## DIRECTIONS
Give back the entire listing verbatim.

## DATA SHOWN
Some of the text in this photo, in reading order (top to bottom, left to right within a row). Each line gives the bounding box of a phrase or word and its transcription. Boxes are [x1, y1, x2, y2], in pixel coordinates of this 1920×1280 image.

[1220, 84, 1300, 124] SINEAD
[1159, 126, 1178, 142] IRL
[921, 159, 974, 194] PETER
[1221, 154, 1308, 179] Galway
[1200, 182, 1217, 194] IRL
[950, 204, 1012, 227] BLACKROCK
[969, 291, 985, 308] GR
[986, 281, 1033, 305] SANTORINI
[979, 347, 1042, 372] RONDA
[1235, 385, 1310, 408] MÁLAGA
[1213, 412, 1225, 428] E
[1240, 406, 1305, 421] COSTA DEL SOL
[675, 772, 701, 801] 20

## ANSWER TO THIS EXERCISE
Some of the text in this photo, in reading order (top to bottom, left to right within a row). Each line gives the bounding box of a phrase or word and its transcription. Boxes are [x1, y1, x2, y2], in pixel coordinates of this 1920×1280 image.

[1220, 84, 1300, 124] SINEAD
[1159, 126, 1178, 142] IRL
[921, 159, 974, 194] PETER
[1221, 154, 1308, 179] Galway
[1200, 182, 1217, 194] IRL
[950, 204, 1012, 227] BLACKROCK
[969, 291, 985, 308] GR
[986, 281, 1033, 305] SANTORINI
[979, 347, 1042, 372] RONDA
[1235, 385, 1310, 408] MÁLAGA
[1213, 412, 1225, 428] E
[1240, 406, 1305, 421] COSTA DEL SOL
[675, 772, 701, 801] 20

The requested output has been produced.